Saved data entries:
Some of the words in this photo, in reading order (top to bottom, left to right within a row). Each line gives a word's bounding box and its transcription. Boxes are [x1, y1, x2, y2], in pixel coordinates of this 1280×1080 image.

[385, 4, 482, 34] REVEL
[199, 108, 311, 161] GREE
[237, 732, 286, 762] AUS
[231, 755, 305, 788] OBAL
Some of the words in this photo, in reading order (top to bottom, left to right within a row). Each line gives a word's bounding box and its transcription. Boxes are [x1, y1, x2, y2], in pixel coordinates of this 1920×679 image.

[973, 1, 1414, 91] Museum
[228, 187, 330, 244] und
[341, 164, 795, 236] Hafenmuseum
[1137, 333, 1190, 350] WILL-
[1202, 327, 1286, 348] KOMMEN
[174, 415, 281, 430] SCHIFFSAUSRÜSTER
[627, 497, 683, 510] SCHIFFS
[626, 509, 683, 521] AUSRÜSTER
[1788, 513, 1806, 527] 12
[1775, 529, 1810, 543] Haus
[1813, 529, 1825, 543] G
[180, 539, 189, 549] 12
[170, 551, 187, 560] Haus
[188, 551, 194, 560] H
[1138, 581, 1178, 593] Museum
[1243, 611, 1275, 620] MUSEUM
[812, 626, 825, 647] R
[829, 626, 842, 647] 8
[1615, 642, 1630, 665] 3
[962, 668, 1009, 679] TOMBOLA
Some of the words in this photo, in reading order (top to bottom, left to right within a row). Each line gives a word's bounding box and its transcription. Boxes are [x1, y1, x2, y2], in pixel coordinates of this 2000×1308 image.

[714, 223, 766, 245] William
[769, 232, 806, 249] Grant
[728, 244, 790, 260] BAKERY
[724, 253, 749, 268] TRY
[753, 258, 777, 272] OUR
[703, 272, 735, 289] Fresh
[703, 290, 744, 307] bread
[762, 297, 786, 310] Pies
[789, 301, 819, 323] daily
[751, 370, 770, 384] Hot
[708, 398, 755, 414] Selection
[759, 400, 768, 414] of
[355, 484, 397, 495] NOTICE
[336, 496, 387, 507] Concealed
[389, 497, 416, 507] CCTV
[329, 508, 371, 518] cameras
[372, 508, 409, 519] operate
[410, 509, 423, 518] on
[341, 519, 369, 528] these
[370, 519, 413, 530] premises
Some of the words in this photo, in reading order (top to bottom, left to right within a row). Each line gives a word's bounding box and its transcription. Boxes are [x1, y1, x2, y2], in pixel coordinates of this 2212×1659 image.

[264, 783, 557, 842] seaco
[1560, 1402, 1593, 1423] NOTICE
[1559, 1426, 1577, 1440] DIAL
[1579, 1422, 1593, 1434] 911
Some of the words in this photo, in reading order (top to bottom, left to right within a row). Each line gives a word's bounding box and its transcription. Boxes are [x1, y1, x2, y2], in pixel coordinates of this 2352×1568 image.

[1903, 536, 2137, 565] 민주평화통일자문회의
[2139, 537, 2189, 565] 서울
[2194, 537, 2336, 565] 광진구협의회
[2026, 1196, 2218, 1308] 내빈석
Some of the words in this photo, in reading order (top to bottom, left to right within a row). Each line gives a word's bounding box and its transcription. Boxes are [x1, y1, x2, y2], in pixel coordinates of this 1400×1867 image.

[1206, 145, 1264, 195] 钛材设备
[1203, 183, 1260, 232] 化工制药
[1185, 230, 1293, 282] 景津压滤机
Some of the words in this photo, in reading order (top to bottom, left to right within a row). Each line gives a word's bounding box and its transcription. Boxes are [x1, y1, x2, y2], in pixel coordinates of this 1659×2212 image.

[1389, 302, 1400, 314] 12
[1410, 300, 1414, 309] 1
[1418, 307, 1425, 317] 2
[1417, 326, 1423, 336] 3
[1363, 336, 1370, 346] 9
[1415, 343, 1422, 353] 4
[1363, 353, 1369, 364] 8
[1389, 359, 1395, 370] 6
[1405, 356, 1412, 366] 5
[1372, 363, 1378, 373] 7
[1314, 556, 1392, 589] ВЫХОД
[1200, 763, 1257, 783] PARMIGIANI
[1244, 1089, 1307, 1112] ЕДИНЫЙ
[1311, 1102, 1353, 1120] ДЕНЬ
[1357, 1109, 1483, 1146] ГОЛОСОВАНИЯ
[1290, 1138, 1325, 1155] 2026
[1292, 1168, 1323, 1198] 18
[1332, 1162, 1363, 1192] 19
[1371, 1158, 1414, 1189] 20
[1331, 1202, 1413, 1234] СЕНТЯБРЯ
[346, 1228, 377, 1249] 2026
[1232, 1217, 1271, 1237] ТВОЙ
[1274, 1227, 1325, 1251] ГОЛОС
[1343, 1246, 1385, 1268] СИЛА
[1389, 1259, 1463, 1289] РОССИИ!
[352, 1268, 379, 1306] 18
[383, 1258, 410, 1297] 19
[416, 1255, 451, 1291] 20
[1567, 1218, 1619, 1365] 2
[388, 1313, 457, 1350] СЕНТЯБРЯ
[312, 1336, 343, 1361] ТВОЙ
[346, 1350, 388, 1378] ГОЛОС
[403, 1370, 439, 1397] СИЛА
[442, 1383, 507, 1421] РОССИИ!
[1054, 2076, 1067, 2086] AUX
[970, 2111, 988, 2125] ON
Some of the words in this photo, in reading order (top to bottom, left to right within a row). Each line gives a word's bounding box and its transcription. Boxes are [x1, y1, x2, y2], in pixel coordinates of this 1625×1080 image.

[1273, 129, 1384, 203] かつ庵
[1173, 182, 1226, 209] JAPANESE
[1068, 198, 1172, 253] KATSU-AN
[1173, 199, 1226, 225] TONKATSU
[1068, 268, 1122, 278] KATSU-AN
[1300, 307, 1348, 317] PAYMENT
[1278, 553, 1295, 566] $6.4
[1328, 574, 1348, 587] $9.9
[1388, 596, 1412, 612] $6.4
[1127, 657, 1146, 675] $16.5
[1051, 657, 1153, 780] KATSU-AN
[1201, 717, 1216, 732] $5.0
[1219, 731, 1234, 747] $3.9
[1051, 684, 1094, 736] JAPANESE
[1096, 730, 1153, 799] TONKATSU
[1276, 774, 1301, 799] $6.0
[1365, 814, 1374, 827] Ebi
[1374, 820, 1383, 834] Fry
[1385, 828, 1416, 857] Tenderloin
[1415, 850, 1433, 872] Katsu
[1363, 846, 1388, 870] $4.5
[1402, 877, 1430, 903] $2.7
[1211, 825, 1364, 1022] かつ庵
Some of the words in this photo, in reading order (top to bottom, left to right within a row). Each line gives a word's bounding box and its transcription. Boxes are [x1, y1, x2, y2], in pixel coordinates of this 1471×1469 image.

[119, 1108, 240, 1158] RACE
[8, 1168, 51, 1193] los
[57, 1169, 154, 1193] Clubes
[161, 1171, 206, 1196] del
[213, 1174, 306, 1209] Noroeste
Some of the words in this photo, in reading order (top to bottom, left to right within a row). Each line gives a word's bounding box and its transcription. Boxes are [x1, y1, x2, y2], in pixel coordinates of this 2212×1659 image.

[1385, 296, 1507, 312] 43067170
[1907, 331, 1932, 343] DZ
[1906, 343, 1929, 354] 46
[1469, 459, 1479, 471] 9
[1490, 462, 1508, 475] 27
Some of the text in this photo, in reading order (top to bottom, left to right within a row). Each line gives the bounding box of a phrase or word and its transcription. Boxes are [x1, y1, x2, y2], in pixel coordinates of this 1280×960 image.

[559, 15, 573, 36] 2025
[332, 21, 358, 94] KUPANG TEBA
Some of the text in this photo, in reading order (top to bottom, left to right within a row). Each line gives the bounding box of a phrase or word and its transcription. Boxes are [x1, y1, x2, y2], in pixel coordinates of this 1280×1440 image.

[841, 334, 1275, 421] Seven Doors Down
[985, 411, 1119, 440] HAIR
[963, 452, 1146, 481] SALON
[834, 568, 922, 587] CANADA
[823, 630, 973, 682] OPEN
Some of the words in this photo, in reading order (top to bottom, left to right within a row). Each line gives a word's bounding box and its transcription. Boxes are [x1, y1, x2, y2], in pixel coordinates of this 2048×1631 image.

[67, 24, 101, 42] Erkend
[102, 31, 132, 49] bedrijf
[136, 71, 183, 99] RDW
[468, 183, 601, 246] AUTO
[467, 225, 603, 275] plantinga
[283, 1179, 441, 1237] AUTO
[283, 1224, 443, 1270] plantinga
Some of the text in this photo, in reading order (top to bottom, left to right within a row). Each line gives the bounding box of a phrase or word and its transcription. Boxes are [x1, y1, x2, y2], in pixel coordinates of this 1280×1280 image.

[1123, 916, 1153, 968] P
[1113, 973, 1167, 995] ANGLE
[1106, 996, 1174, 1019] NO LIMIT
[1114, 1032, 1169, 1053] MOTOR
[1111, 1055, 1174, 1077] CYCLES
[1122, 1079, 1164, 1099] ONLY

Task brief
At the line containing "this 1280×1440 image.", start copying. Continue exactly through the final line of the entries above and stop there.

Problem solution
Some of the text in this photo, in reading order (top to bottom, left to right within a row). Each line gives the bounding box of a phrase or word and its transcription. Boxes are [x1, y1, x2, y2], in pixel coordinates of this 1280×1440 image.

[841, 334, 1275, 421] Seven Doors Down
[985, 411, 1119, 440] HAIR
[963, 452, 1146, 481] SALON
[834, 568, 922, 587] CANADA
[823, 630, 973, 682] OPEN
Some of the words in this photo, in reading order (top to bottom, left to right within a row). Each line gives a word's bounding box and its transcription. Boxes are [x1, y1, x2, y2], in pixel coordinates of this 2048×1631 image.

[67, 24, 101, 42] Erkend
[102, 31, 132, 49] bedrijf
[136, 71, 183, 99] RDW
[468, 183, 601, 246] AUTO
[467, 225, 603, 275] plantinga
[283, 1179, 441, 1237] AUTO
[283, 1224, 443, 1270] plantinga
Some of the text in this photo, in reading order (top to bottom, left to right within a row). Each line gives the bounding box of a phrase or word and its transcription. Boxes are [x1, y1, x2, y2], in pixel coordinates of this 1280×1280 image.

[1123, 916, 1153, 968] P
[1113, 973, 1167, 995] ANGLE
[1106, 996, 1174, 1019] NO LIMIT
[1114, 1032, 1169, 1053] MOTOR
[1111, 1055, 1174, 1077] CYCLES
[1122, 1079, 1164, 1099] ONLY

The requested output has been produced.